■ Exercise brief: Restate every line below word for word, but drop each picture.

■ Stored data:
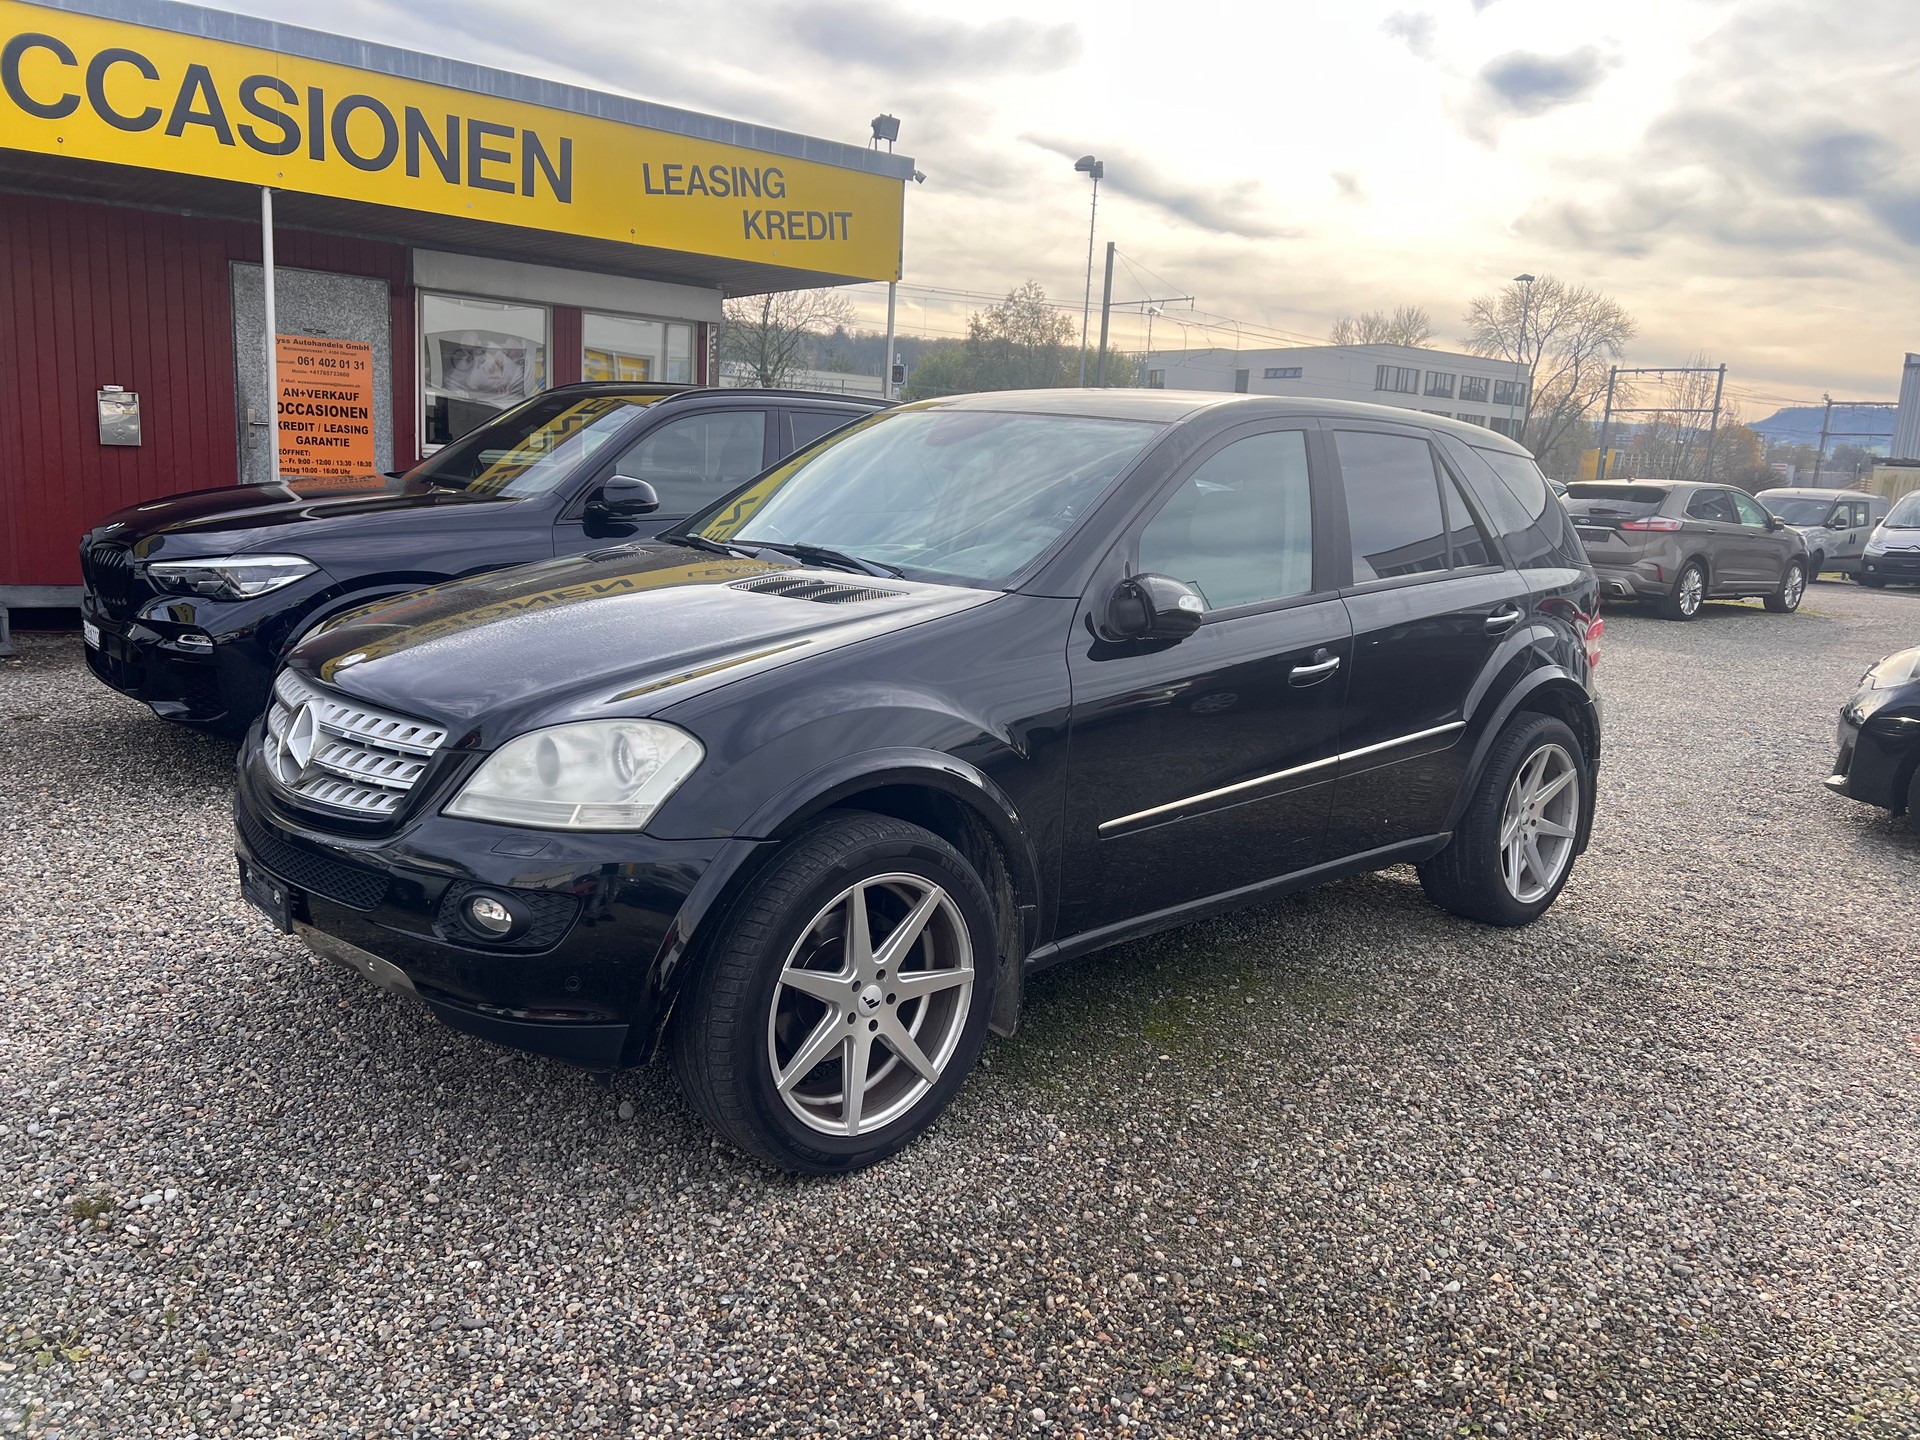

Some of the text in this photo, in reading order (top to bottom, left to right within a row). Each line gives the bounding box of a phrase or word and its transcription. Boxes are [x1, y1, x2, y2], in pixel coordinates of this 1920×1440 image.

[642, 162, 786, 199] LEASING
[742, 209, 853, 241] KREDIT
[293, 338, 343, 349] Autohandels
[346, 343, 370, 351] GmbH
[297, 356, 315, 367] 061
[319, 358, 336, 368] 402
[339, 360, 350, 370] 01
[354, 361, 365, 371] 31
[283, 387, 359, 402] AN+VERKAUF
[277, 401, 368, 420] OCCASIONEN
[324, 423, 369, 435] LEASING
[296, 436, 350, 448] GARANTIE
[278, 448, 311, 457] EÖFFNET:
[302, 466, 317, 474] 10:00

■ Output:
Some of the text in this photo, in reading order (top to bottom, left to right within a row). Each line gives the bounding box of a phrase or word and its transcription. Boxes are [x1, y1, x2, y2], in pixel coordinates of this 1920×1440 image.

[642, 162, 786, 199] LEASING
[742, 209, 853, 241] KREDIT
[293, 338, 343, 349] Autohandels
[346, 343, 370, 351] GmbH
[297, 356, 315, 367] 061
[319, 358, 336, 368] 402
[339, 360, 350, 370] 01
[354, 361, 365, 371] 31
[283, 387, 359, 402] AN+VERKAUF
[277, 401, 368, 420] OCCASIONEN
[324, 423, 369, 435] LEASING
[296, 436, 350, 448] GARANTIE
[278, 448, 311, 457] EÖFFNET:
[302, 466, 317, 474] 10:00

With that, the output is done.